En 2012, une vaste enquête pour catastrophe environnementale avait conduit la justice à ordonner la mise aux normes de toutes les installations dites « à chaud » (hauts fourneaux, cokerie) à des fins d’assainissement du site.

« Mais, depuis 2012, rien n’a été fait, aucune nouvelle technique n’a été appliquée sur cette partie de l’usine si bien que les problèmes de pollution demeurent », déplore Cosimo Martinese.

Responsabilité politique

Pour Pasquale Maggi, 41 ans, lui aussi ouvrier d’Ilva, « la responsabilité de cette situation incombe aux politiques qui ont préféré maintenir le site d’Ilva en activité tel qu’il est, en dépit des risques pour la santé de la population ».

L’ouvrier évoque plusieurs décrets-lois adoptés par les gouvernements successifs « pour contourner niveaux de pollution consentis et repousser les délais de mise au norme du site imposés par la justice ».

L’entreprise avait aussi été placée sous administration extraordinaire en 2015 jusqu’à ce que l’Etat choisisse de confier son destin à ArcelorMittal dans le cadre d’un appel d’offres international.

Ce dernier a annoncé lundi qu’il retirait son offre de reprise, estimant ne plus bénéficier d’une protection juridique contre d’éventuelles poursuites pénales liées à la pollution du site.

En réalité, « l’objectif de Mittal en rachetant l’Ilva était de mettre la main sur son portefeuille de clients pour conforter sa position dominante sur le marché de l’acier, et ensuite se retirer », assure l’ouvrier Fabio Cocco.

Selon les syndicats, l’argument de la protection juridique est un prétexte car l’Etat est disposé à la lui donner: le géant de l’acier veut faire passer la production annuelle, de 5,6 millions de tonnes actuellement, à 4 millions. Ce qui équivaudrait à supprimer 5.000 emplois.

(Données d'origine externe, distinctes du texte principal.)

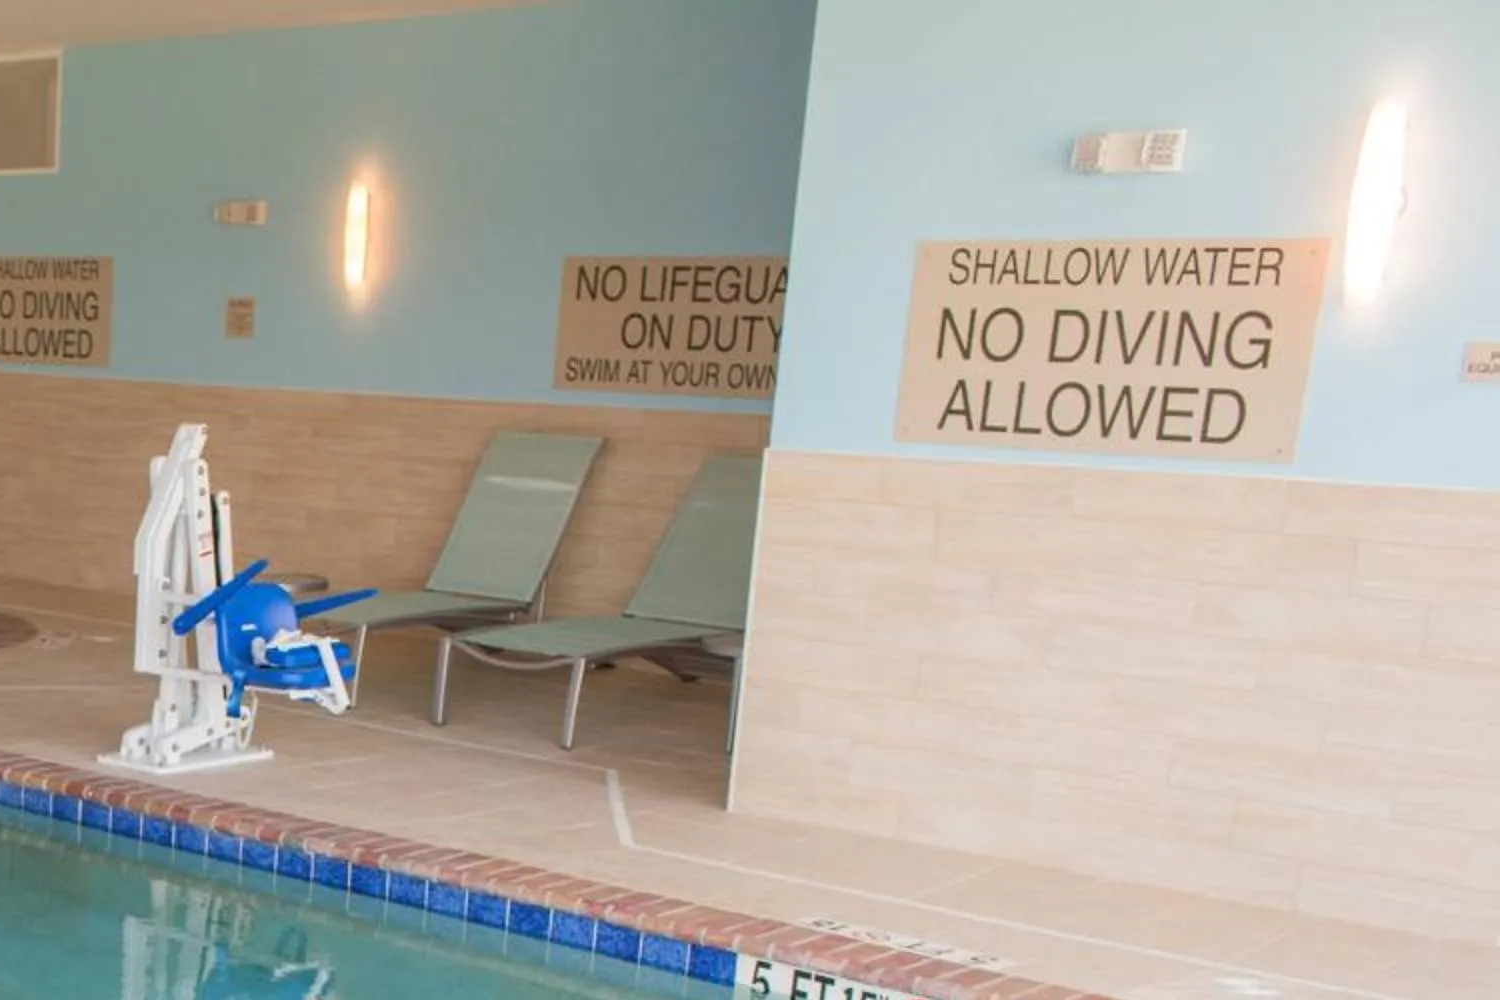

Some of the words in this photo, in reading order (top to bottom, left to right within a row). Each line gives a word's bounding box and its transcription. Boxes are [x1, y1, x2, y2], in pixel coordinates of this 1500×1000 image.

[52, 259, 100, 281] WATER
[576, 265, 627, 302] NO
[948, 247, 1130, 286] SHALLOW
[1145, 247, 1284, 287] WATER
[22, 290, 100, 322] DIVING
[621, 312, 674, 350] ON
[687, 314, 783, 353] DUTY
[936, 307, 1024, 363] NO
[1048, 309, 1273, 370] DIVING
[565, 356, 620, 383] SWIM
[626, 360, 652, 384] AT
[660, 361, 720, 388] YOUR
[937, 379, 1247, 445] ALLOWED
[751, 960, 772, 996] 5

Le site de Tarente, qui perd 2 millions d’euros par jour, « est stratégique mais il est surdimensionné par rapport à la demande actuelle d’acier, c’est pourquoi Mittal souhaite réduire ses effectifs de moitié et sa production pour le rendre plus compétitif », explique à l’AFP le journaliste Fulvio Colucci, auteur du livre « Invisibili: Vivere e morire all’Ilva di Taranto » (Invisibles: Vivre et mourir à l’Ilva de Tarente).

Selon l’Association italienne pour le développement du sud (Svimez), la fermeture de site équivaudrait à une baisse de 0,2% du PIB, soit une perte de 3,5 milliards (dont 2,6 pour le sud de la péninsule).